Que existem grupos de inveja que funcionam com invejas, no regime da inveja (captura, nivelamento, entropia), na obsessão da inveja – decorre quase automaticamente das condições sociais propícias à eclosão e à proliferação das invejas.
Primeira condição, o fechamento do grupo. Voltado para si próprio, sem «fora», o seu ar estagna e a sua atmosfera homogeneiza os comportamentos latentes, prontos para o ressentimento e a agressividade. A diversidade, o imprevisto e o acaso desaparecem. Enquanto nada da hostilidade subterrânea transparece senão indirectamente, instala-se em cada indivíduo um desassossego que o torna cada vez mais vulnerável.
A atmosfera é, nestes casos, essencial à circulação da inveja.

(…). A constituição do grupo de inveja não resulta unicamente da generalização a todos os elementos do grupo de uma relação entre dois indivíduos (sucedendo isso, amiúde, por contágio, em atmosferas fechadas e deletérias).

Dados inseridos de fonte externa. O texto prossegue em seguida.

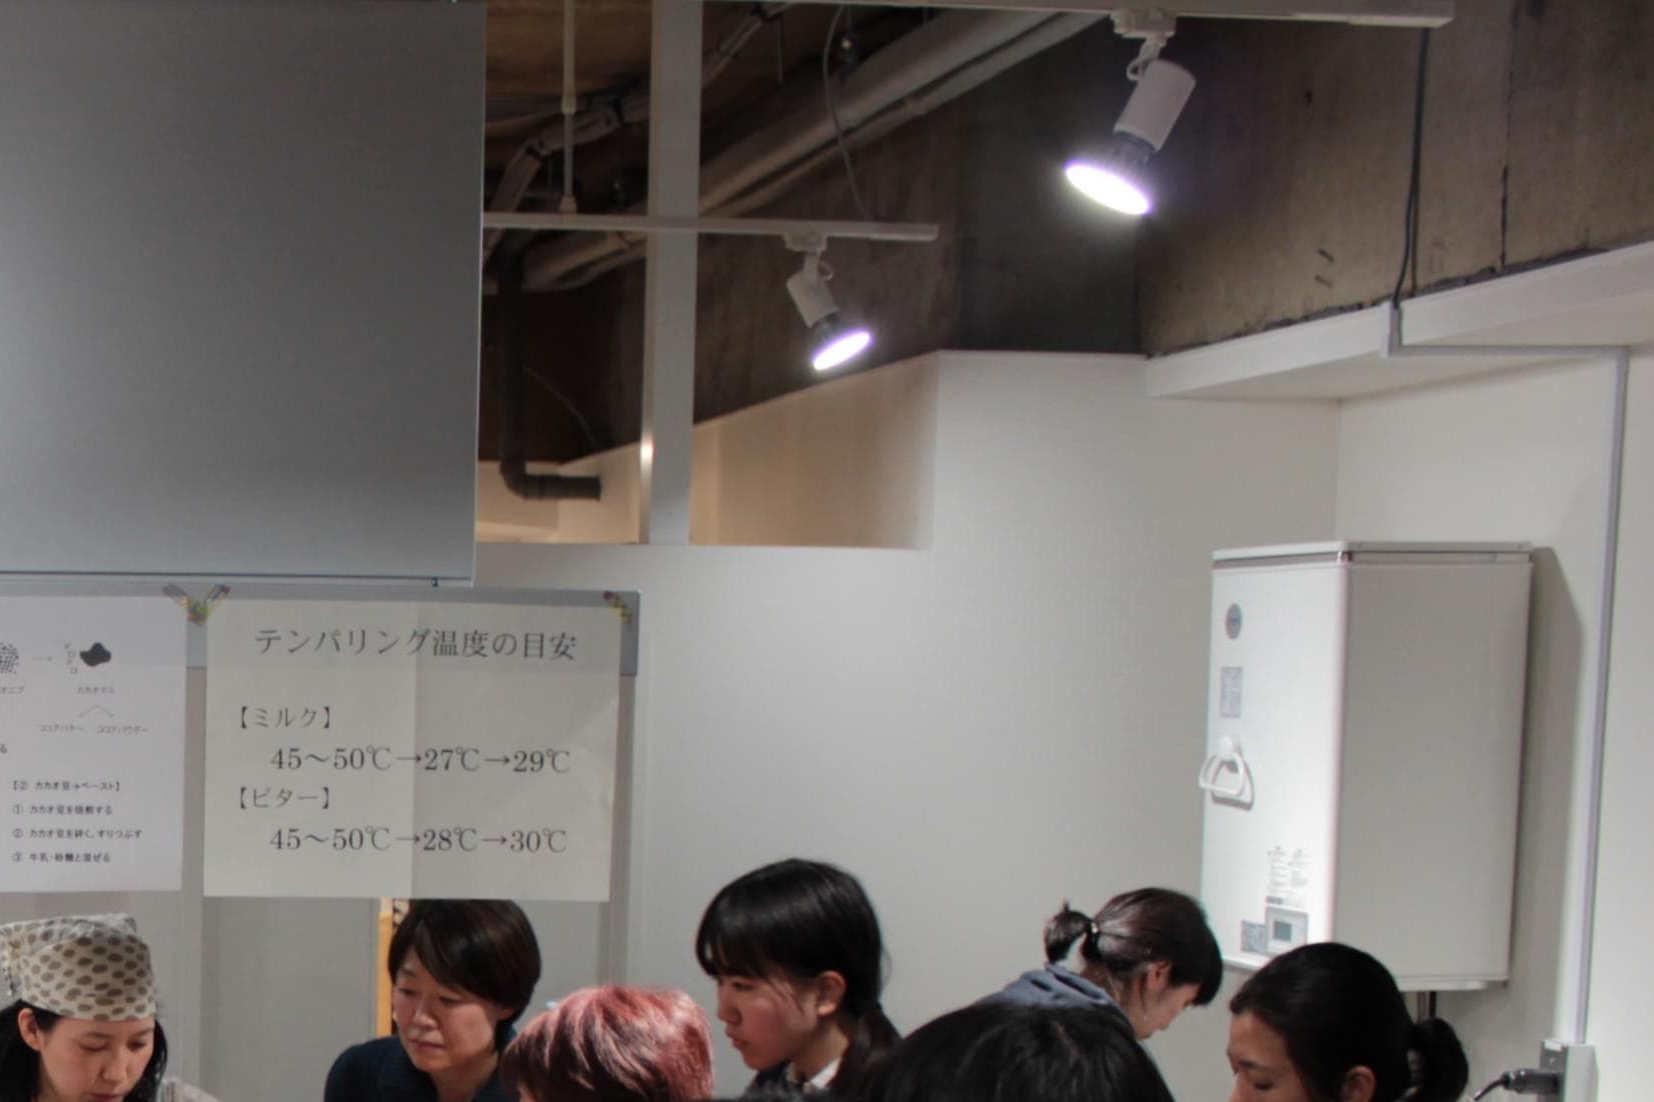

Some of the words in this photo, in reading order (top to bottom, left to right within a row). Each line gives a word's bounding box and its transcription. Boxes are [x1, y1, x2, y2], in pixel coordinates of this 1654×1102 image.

[256, 628, 577, 661] テンパリング温度の目安
[240, 705, 331, 730] 【ミルク】
[239, 786, 330, 811] 【ビター】

Mais finamente, a própria possibilidade da extrapolação da inveja ao grupo inteiro está já contida na relação a dois. Porque a inveja opera sub rosa, ao abrigo dos olhares e das consciências, ela encerra em si, virtualmente, e paradoxalmente, uma espécie de autonomia prestes a formar-se em campo «aberto» (se bem que fechado e clandestino tem a liberdade da clandestinidade e da transgressão). Ao projectar-se sobre o outro, a inveja produz sempre uma espécie de efeito de ricochete, como se o invejoso ficasse também minimamente prisioneiro da inveja que lançou. Esta volta-se, pois, contra o seu agente (ao ponto de vir assombrá-lo nos sonhos), adquirindo um começo de autonomia que a atmosfera contagiante acaba por perfazer, dando-lhe um aspecto transcendente. O grupo ganha uma atmosfera específica (com as características próprias da densidade, viscosidade, velocidade de partículas, vectores de fluxos) que permite denomina-lo grupo de invejas. Existindo na atmosfera, agora a inveja subsiste por si, evolui por si, ataca por si. Como um vírus.

Por conseguinte, passou a ter uma existência social. Um dos seus efeitos possíveis imediatos é a paralisação de toda a dinâmica do novo. O que surge como diferente aparece como uma ameaça à igualdade que a inveja protege. Igualmente niveladora por baixo, como vimos, porque impede a expressão da singularidade: toda e qualquer manifestação de originalidade é considerada superior, e rejeitada. O rumor, a calúnia, as estratégias múltiplas de exclusão que se desenvolvem no quadro de funcionamento do grupo acabam por vencer e eliminar o elemento novo que irrompia” (Gil, 2005: 96-98).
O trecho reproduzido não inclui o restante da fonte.